Description of the task: Please restate each line of the data that follows word for word, skipping any image.

*** Opening of Dataset content ***

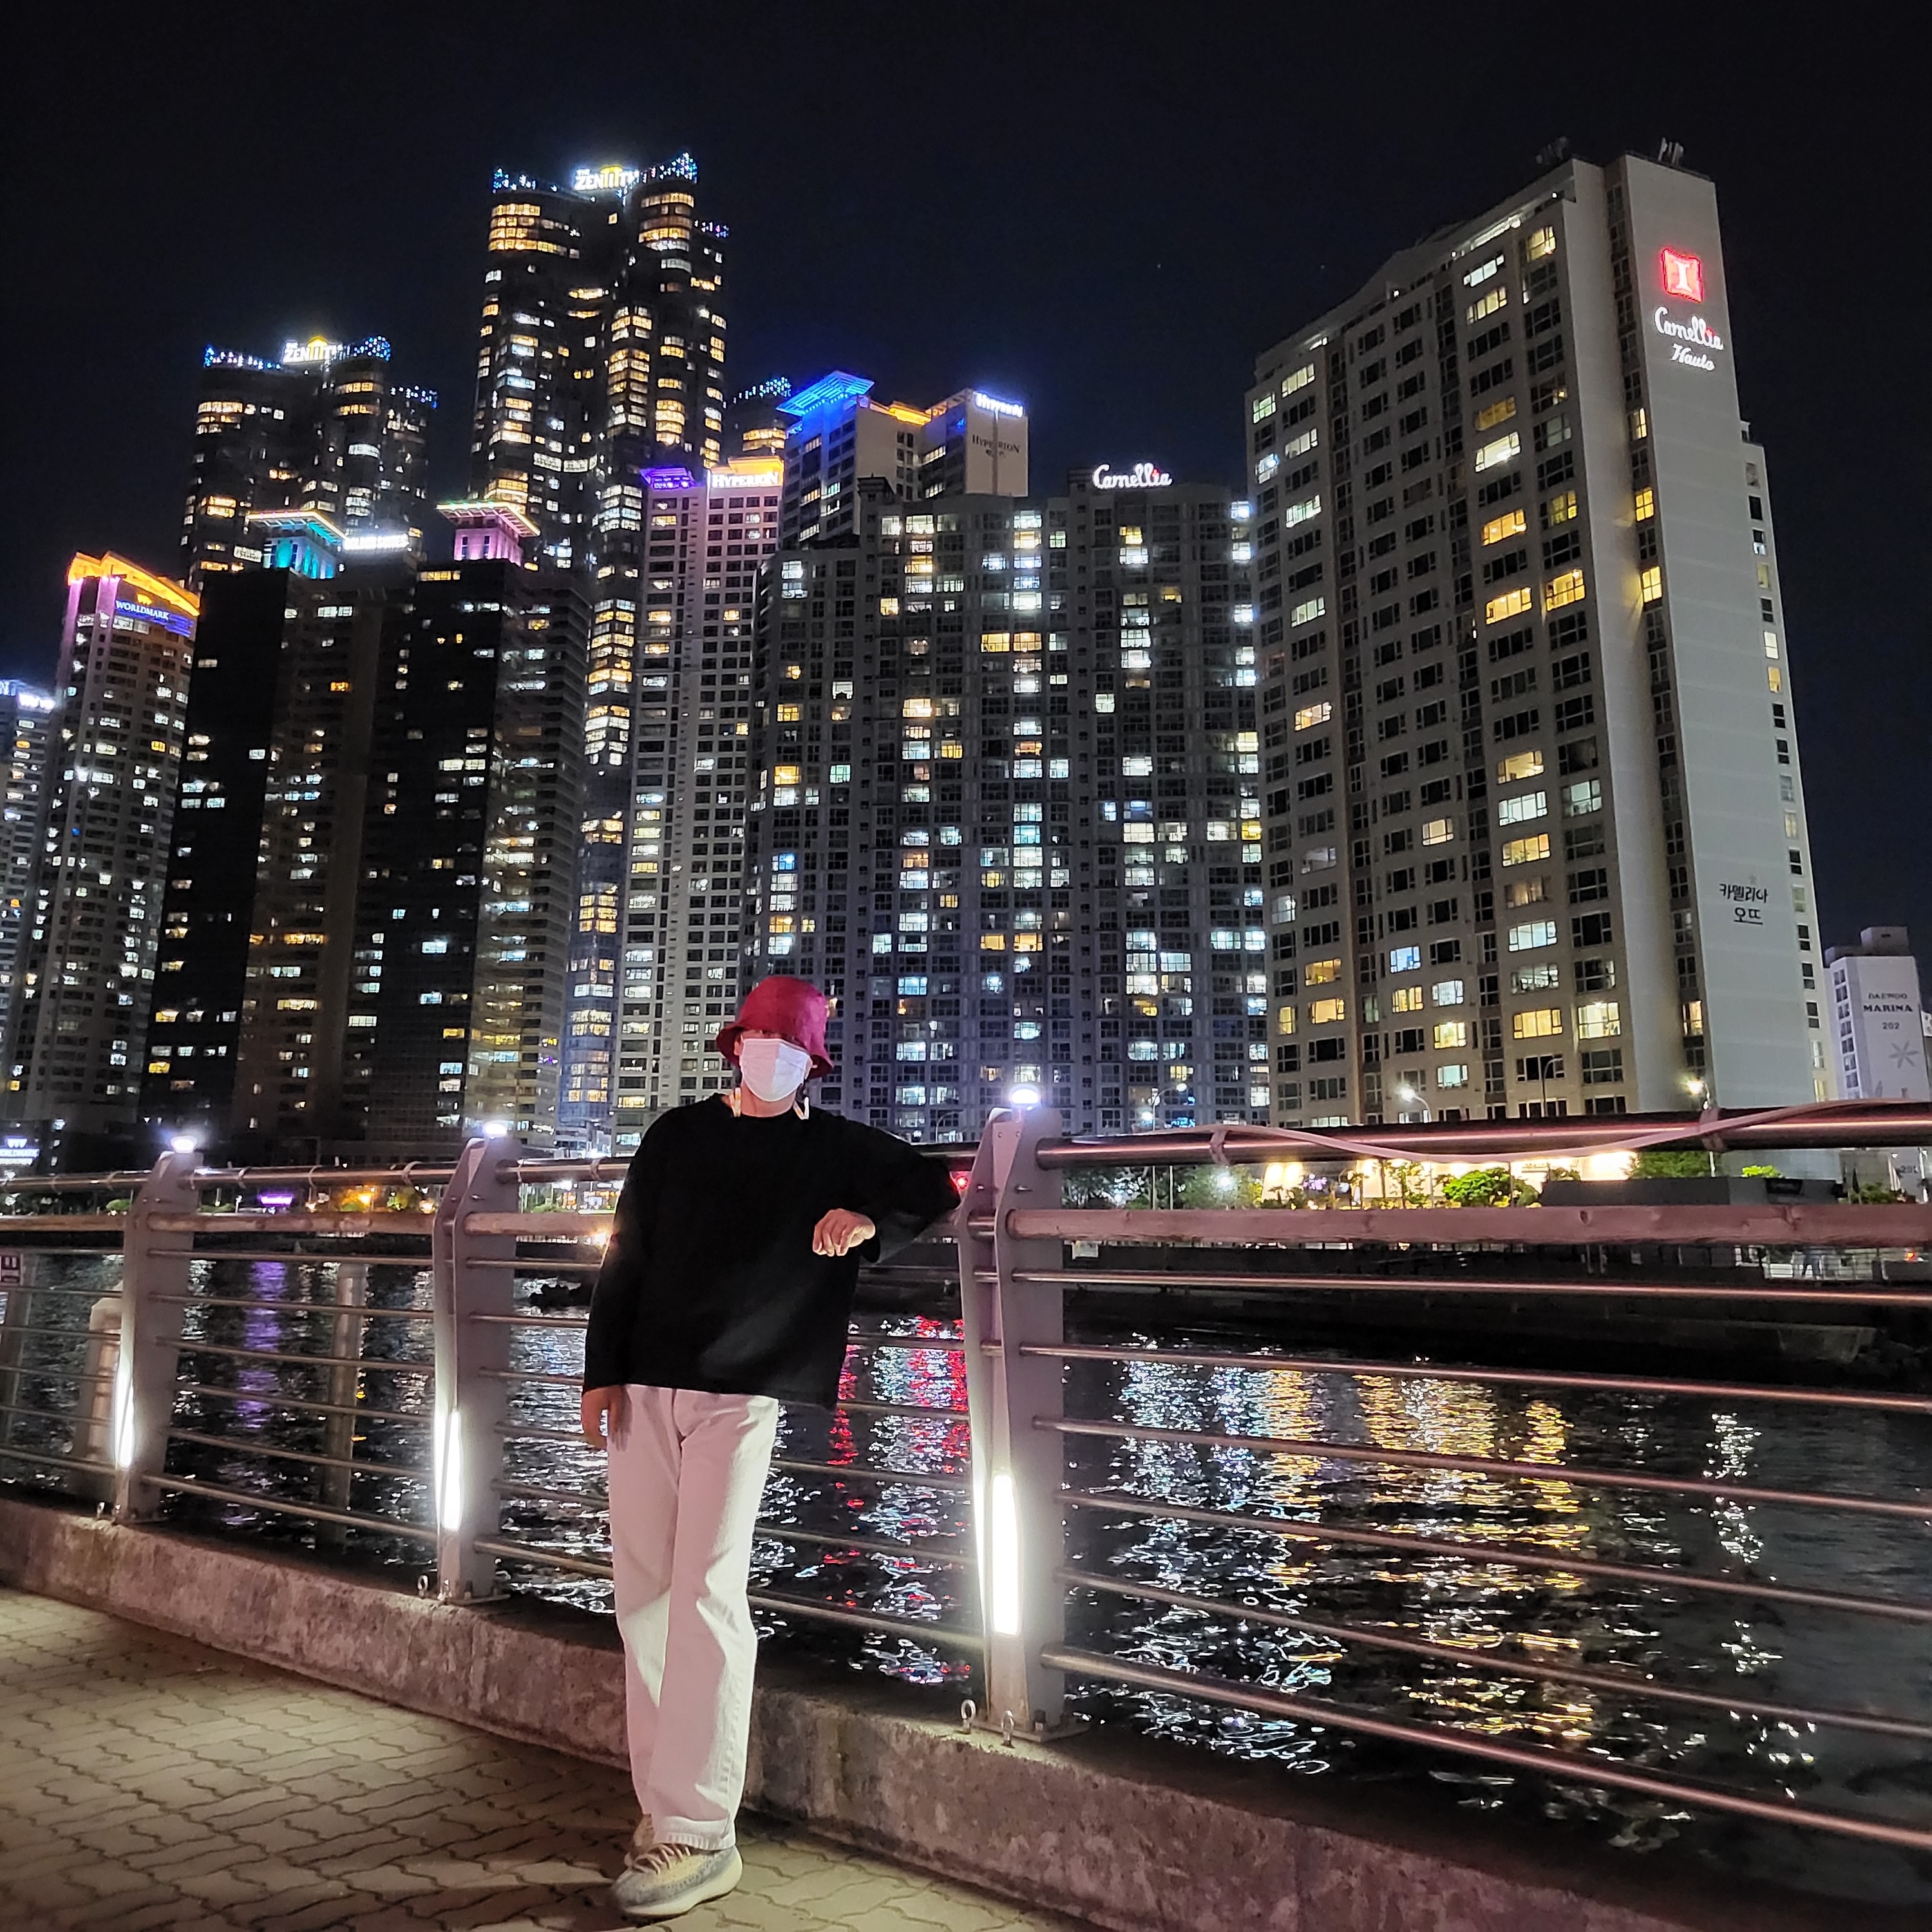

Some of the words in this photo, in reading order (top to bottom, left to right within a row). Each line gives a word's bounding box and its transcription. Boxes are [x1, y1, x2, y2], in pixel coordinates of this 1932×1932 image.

[1654, 306, 1724, 350] Camellia
[1671, 343, 1716, 371] Haute
[972, 434, 1020, 453] HYPRION
[712, 472, 779, 488] HYPERION
[1093, 462, 1173, 489] Camellia
[115, 600, 170, 620] WORLDMARK
[1719, 883, 1768, 904] 카멜리아
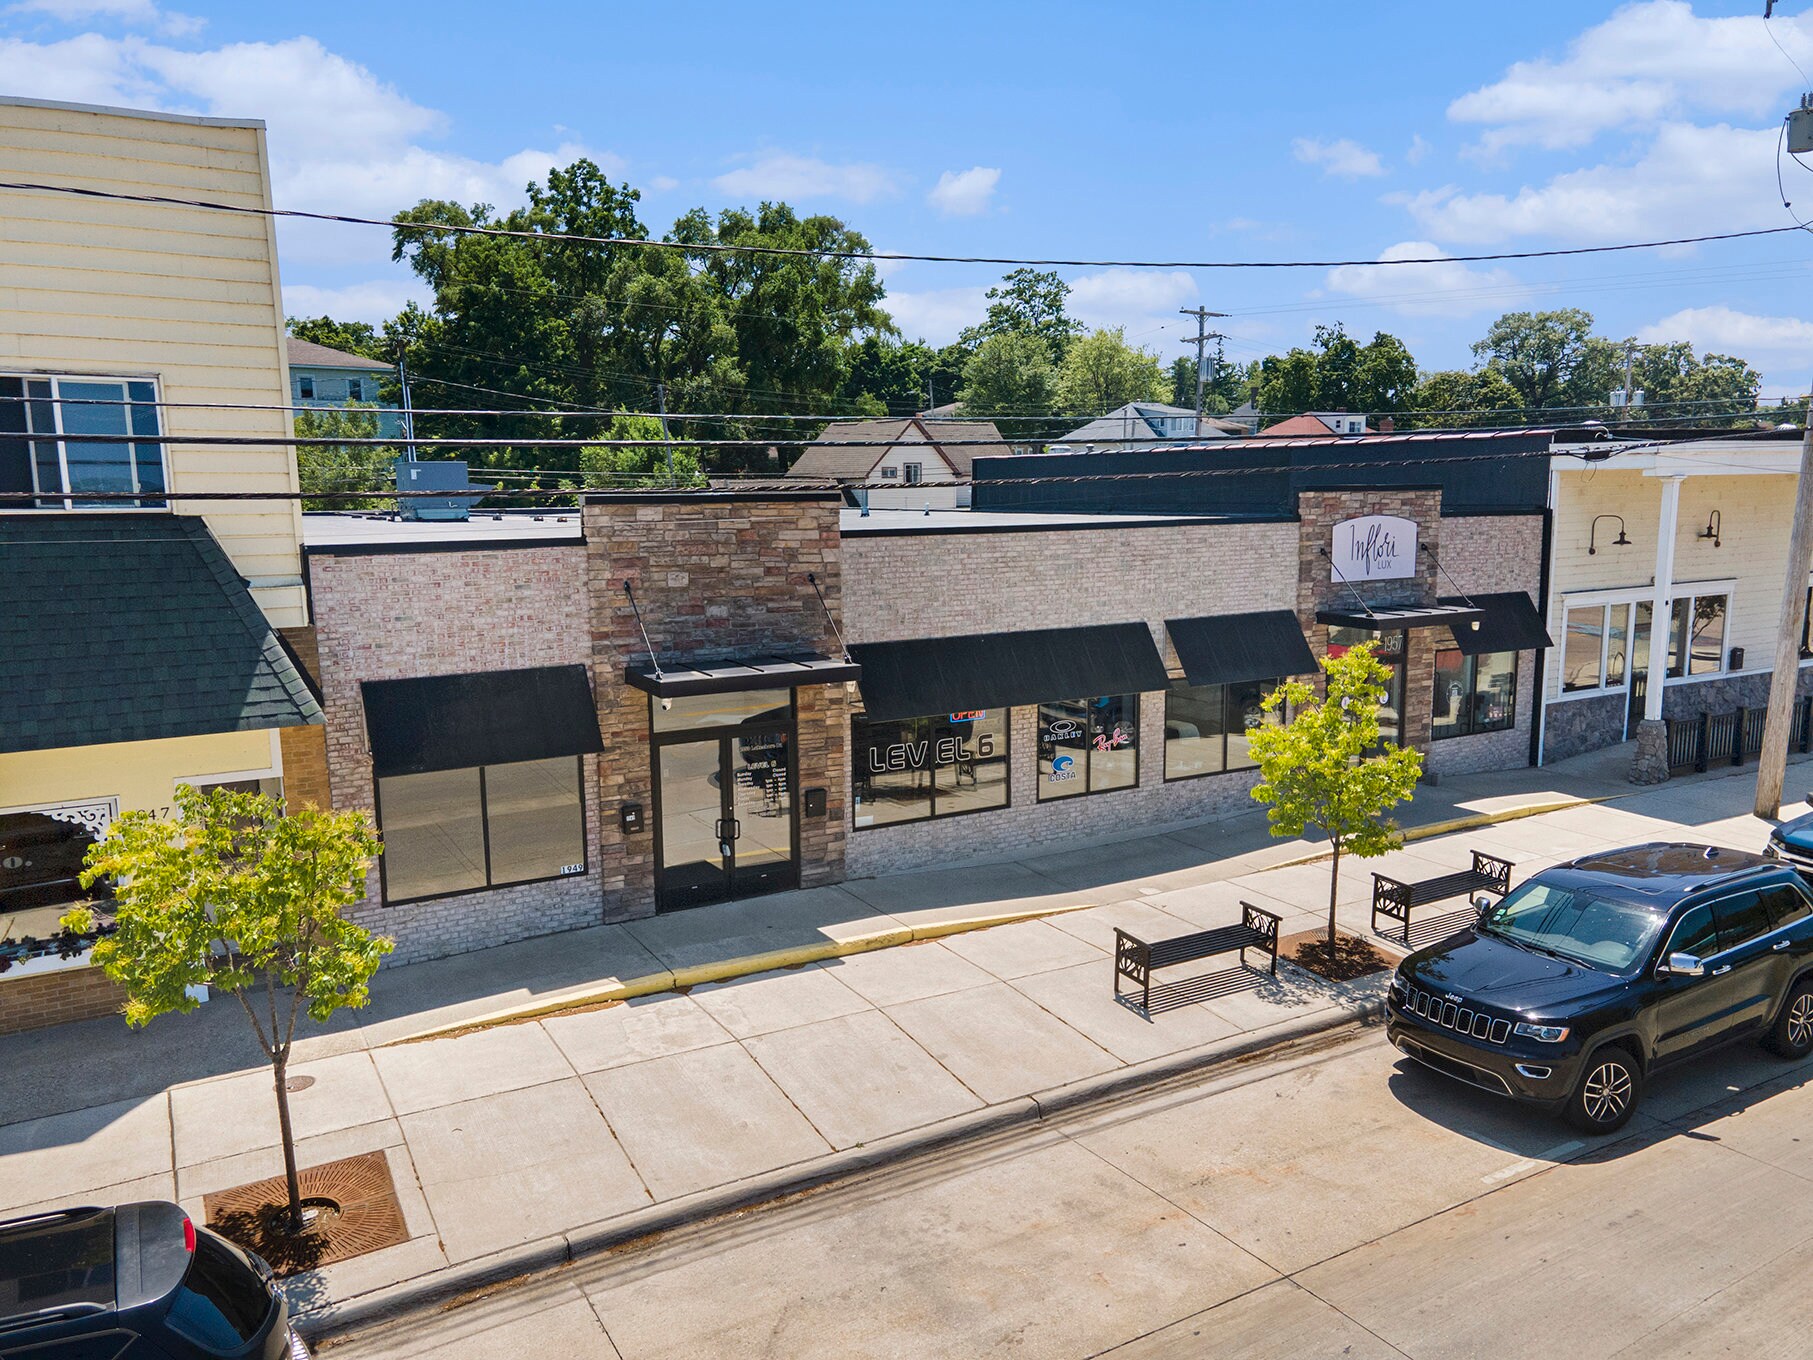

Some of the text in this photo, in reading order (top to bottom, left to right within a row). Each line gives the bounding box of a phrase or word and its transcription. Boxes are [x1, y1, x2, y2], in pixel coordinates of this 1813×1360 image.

[1350, 523, 1399, 576] Inflori
[1377, 560, 1392, 570] LUX
[1384, 635, 1404, 652] 1957
[1043, 730, 1082, 742] OAKLEY
[869, 732, 994, 773] LEVEL 6
[1048, 771, 1076, 783] COSTA
[136, 806, 170, 821] 47
[562, 863, 583, 874] 1949
[1445, 992, 1463, 1003] Jeep
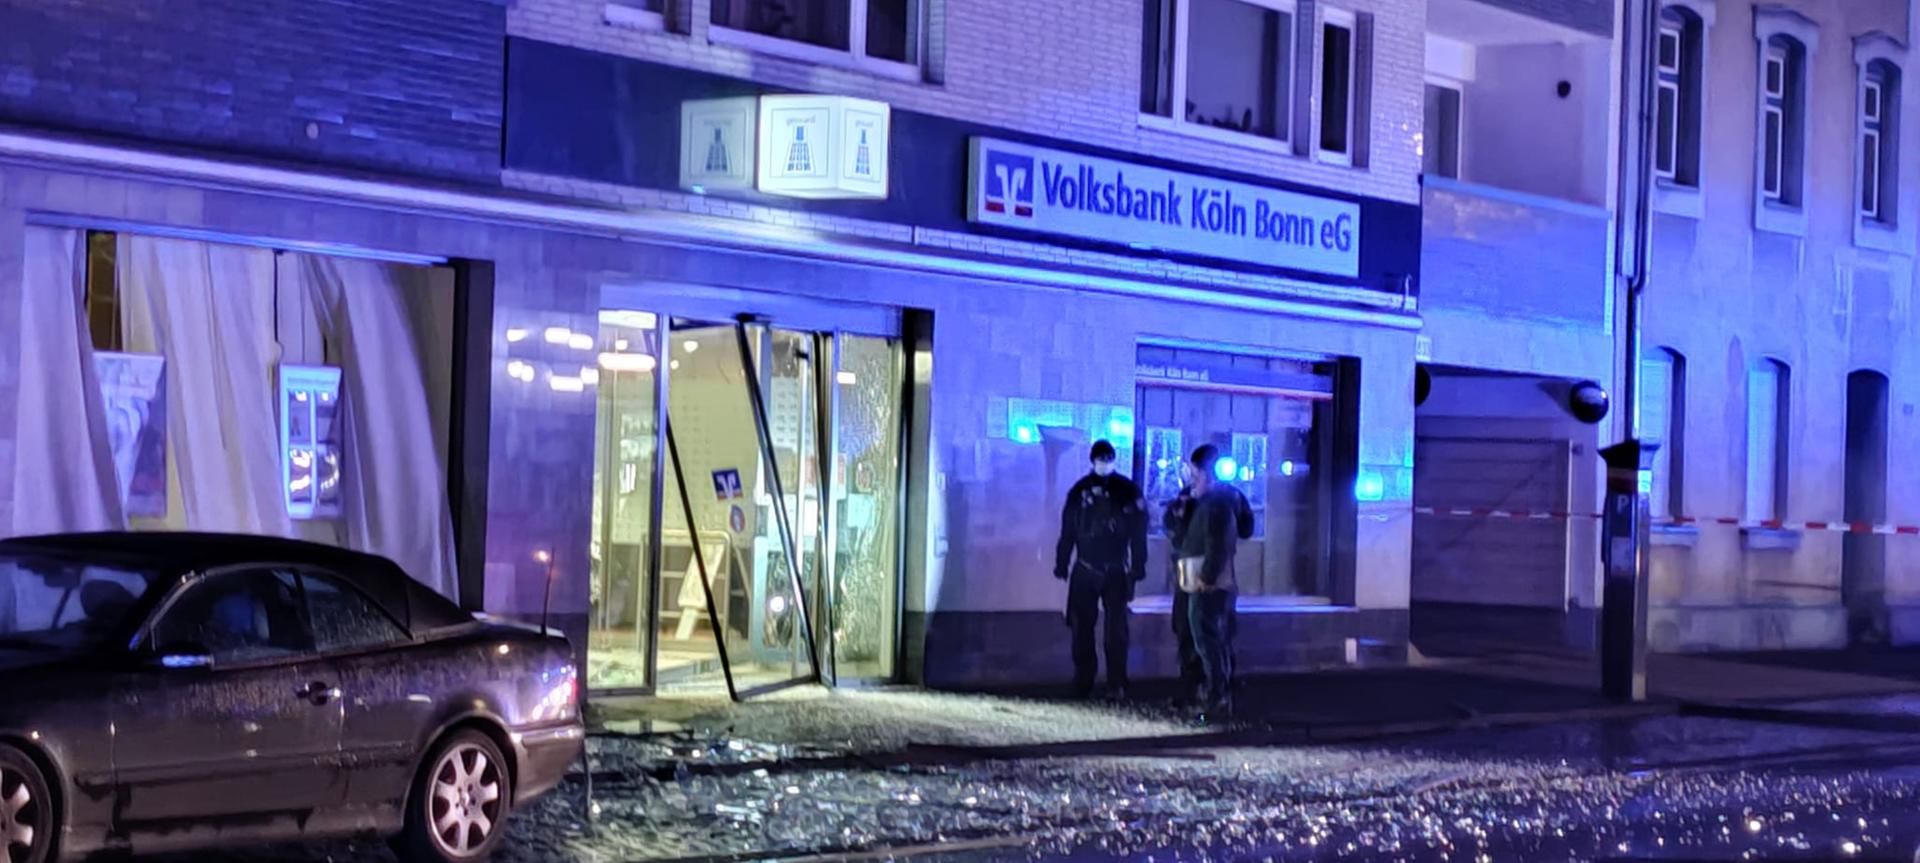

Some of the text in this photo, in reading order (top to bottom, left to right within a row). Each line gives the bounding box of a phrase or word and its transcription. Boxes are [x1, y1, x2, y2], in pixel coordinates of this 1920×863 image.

[1042, 162, 1351, 252] Volksbank Köln Bonn eG
[1617, 494, 1629, 513] P

*** Close of Dataset content ***

Expected answer:
Some of the words in this photo, in reading order (top to bottom, left to right within a row). Each line gives a word's bounding box and its transcription. Boxes are [x1, y1, x2, y2], in pixel coordinates of this 1932×1932 image.

[1654, 306, 1724, 350] Camellia
[1671, 343, 1716, 371] Haute
[972, 434, 1020, 453] HYPRION
[712, 472, 779, 488] HYPERION
[1093, 462, 1173, 489] Camellia
[115, 600, 170, 620] WORLDMARK
[1719, 883, 1768, 904] 카멜리아

Some of the text in this photo, in reading order (top to bottom, left to right within a row). Each line gives the bounding box of a phrase or word and its transcription. Boxes are [x1, y1, x2, y2], in pixel coordinates of this 1813×1360 image.

[1350, 523, 1399, 576] Inflori
[1377, 560, 1392, 570] LUX
[1384, 635, 1404, 652] 1957
[1043, 730, 1082, 742] OAKLEY
[869, 732, 994, 773] LEVEL 6
[1048, 771, 1076, 783] COSTA
[136, 806, 170, 821] 47
[562, 863, 583, 874] 1949
[1445, 992, 1463, 1003] Jeep

Some of the text in this photo, in reading order (top to bottom, left to right within a row). Each line gives the bounding box of a phrase or word and its transcription. Boxes are [x1, y1, x2, y2], in pixel coordinates of this 1920×863 image.

[1042, 162, 1351, 252] Volksbank Köln Bonn eG
[1617, 494, 1629, 513] P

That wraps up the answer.